Most families like their public schools — what does that mean for school choice?
In Michigan, thousands of state residents have signed a petition that would establish education savings accounts for students. Gov. Gretchen Whitmer vetoed similar legislation last year, but if the petition makes it to the state ballot and passes this fall (and it’s looking like it will), it would create one of the largest school choice programs in the country by commanding as much as $500 million in annual funding to provide flexible spending accounts for low-income and special needs students.
Under the proposal, students could access $7,830 each year to pay for private school tuition and other customizable services such as tutoring or transportation.
But Michigan’s program wouldn’t just serve students who decide to leave their public school to homeschool or attend a private school; it would also make $500 available annually to qualifying students who remain in public schools and provide $1,100 annually for public school students with disabilities. While those amounts are only a fraction of the funds that would be available to students who withdraw from public school, it would be the first time a school choice proposal puts education dollars directly in the hands of students who remain in public schools.
This is a big deal, because granting the option of small-scale customization to families who are happy with their public schools may be exactly the reform strategy the school choice movement has needed for decades.

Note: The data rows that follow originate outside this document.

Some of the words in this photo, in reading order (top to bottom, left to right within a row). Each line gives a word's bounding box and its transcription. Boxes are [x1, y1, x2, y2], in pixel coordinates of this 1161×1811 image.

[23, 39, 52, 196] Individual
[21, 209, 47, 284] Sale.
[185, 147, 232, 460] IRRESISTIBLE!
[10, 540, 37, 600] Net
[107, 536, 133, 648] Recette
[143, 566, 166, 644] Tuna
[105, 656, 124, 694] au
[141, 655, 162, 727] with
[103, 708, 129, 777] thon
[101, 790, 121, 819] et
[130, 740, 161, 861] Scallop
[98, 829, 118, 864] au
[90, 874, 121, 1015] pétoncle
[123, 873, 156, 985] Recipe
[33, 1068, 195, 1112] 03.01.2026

Opting out of a public school system to transfer to a private school is a big change for most families. Even with access to a publicly funded private school scholarship, a change of that degree might not be worth it for families who are only somewhat unhappy with their public school. This reality can help to explain why private school choice programs have grown at a slow pace over the last few decades and why the U.S. spends less than 0.4 percent of public education funds on private school choice programs.

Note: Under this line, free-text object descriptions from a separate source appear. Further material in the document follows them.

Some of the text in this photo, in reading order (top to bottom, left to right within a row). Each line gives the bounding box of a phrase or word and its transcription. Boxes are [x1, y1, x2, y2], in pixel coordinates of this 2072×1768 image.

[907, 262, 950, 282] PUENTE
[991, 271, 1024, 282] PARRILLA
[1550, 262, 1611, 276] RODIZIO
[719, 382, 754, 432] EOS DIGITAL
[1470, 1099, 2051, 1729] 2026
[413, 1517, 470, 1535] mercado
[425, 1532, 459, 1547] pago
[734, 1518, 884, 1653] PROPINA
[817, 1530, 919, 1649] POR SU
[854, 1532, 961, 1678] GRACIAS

It should also be noted that most families are generally happy with their public schools. A 2021 Gallup Poll found that “73 percent of parents of school-aged children say they are satisfied with the quality of education their oldest child is receiving.”
There simply isn’t enough dissatisfaction with the current system to catalyze a large-scale shift away from traditional public schools toward a customized, private sector-led education system.

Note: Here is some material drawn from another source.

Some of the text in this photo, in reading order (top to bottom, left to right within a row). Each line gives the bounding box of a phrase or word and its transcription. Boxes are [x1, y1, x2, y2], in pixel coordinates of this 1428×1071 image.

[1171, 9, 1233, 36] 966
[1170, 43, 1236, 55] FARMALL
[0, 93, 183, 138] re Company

Because of this, school choice proponents need policy solutions that meet most families where they are: something Michigan may be on the cusp of accomplishing with its education savings account (ESA) for public school students.
Most families might not be ready to leave the public K-12 system, but they would be excited for a chance to customize on the margins. While many parents can’t imagine curating their child’s entire curriculum, they can certainly envision the benefits of having some funds to pay for an SAT tutor, to enroll in a financial literacy course at a community college, or to buy a laptop.
This incremental step can introduce education choice to a large swath of previously unreached public-school families, whetting their appetites for more customization. And while there are already programs in other states that resemble something like a public school ESA, Michigan would build on these programs by providing public school students with even more flexibility over how they can use their funds.
For more than 20 years, the private school choice movement has focused on bringing a lot of choice to a relatively small contingent of families lucky enough to have access to vouchers, tax credit scholarships, and ESAs. Maybe it’s time for school choice proponents to consider Michigan’s approach of also giving a taste of choice to the majority of families who, understandably, aren’t ready to leave their traditional public schools.
Christian Barnard is a senior education policy analyst at Reason Foundation.